In yet another approach, we followed a strategy based on allele-specific binding affinity thresholds that had improved the efficacy of class I predictions (Paul et al., 2013b). For this analysis, all previously identified 15-mer epitopes with defined HLA class II restriction were retrieved from the IEDB. The allele-specific thresholds were estimated for each of the 26 alleles in terms of binding affinity predicted by SMM_align method (IC₅₀) (Nielsen et al., 2007), taking into account the number of predicted binders in the set of epitopes retrieved from the IEDB (based on a general threshold of IC₅₀ 1000nM) and the SMM_align IC₅₀ value demarcating the top 75% peptides of the same epitope set. The total promiscuity for each peptide was then recalculated based on the allele-specific thresholds and the fraction of peptides required to capture 50% response was identified. This approach required 33.58% of peptides to capture 50% response.

Both these approaches were found to be less efficient than the median consensus percentile rank method, requiring on average 27.05% and 33.58% peptides respectively (vs. 26.26%), to capture 50% response based on the 26 most frequent alleles (data not shown).

3.3 Exclusion of DP locus improves predictive efficacy

As different HLA class II loci appear to contribute differentially to human responses (Oseroff et al., 2010), we hypothesized that examining the performance as a function of the class II locus may improve predictions. The average % of peptides required to capture 50% SFC for different combinations of DRB1, DRB3/4/5, DQ, and DP alleles are shown in Figure 2. The best results (23.82%) were obtained when DP alleles were left out. The lower performance of methods incorporating DP molecules might be due to the fact that less binding data is available for these molecules leading to inferior prediction algorithms or it could be that DP molecules are less often restricting elements for dominant T cell responses.

The performance was best when DP locus was excluded (red bar).

3.4 Optimal results obtained with a set of seven DRB1 and DRB3/4/5 alleles

We next examined the effect of varying the specific alleles included in the prediction panel. Frequency thresholds for inclusion were varied independently for each locus (i.e., DQ, DRB1 and DRB3/4/5). The best results (21.41% of peptides needed to capture 50% SFC) were observed when the three DRB1 alleles with frequency ≥ 12% (DRB1*03:01, DRB1*07:01, DRB1*15:01) were used along with the four DRB3/4/5 alleles (DRB3*01:01, DRB3*02:02, DRB4*01:01, DRB5*01:01) (data not shown). This empirical optimization is probably reflective of the fact that DR alleles are the most dominant locus restricting HLA class II responses in humans.
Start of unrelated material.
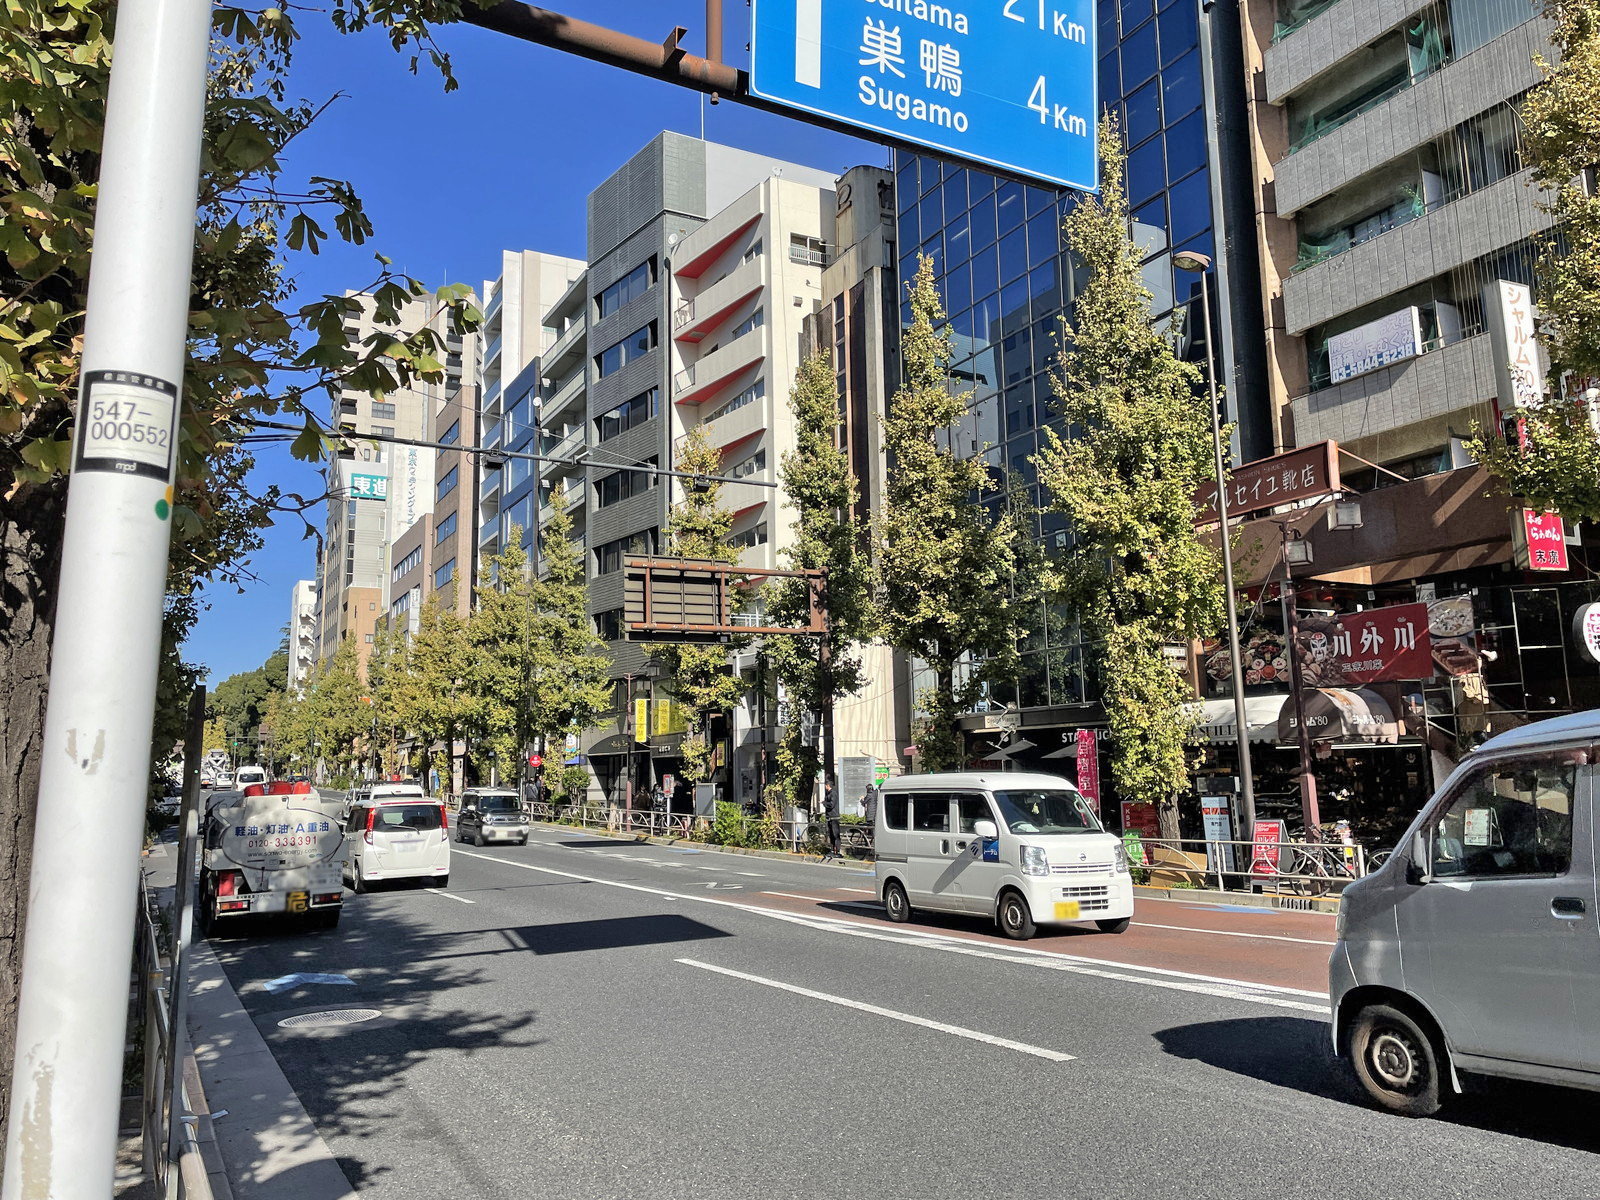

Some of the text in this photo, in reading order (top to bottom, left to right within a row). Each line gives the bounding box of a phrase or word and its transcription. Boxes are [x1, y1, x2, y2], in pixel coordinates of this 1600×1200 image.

It is noteworthy that the seven allelic variants cover the main HLA class II supertypes (Greenbaum et al., 2011).

3.5 Predictions based on alleles frequent in specific donor cohorts

HLA frequencies vary in cohorts of individuals with different ethnicity. Accordingly, we examined the performance of the “median consensus percentile rank” predictions utilizing alleles custom selected for the cohorts in which the peptides were tested. Specifically, we included all alleles with frequencies of ≥ 10% in a given donor population. As above, the best results (19.69%) were obtained using only DRB1 and DRB3/4/5 alleles (Figure 3). At the same time, the improvement seen when using cohort specific allele sets is minor suggesting that tailoring the prediction to a specific population has limited value.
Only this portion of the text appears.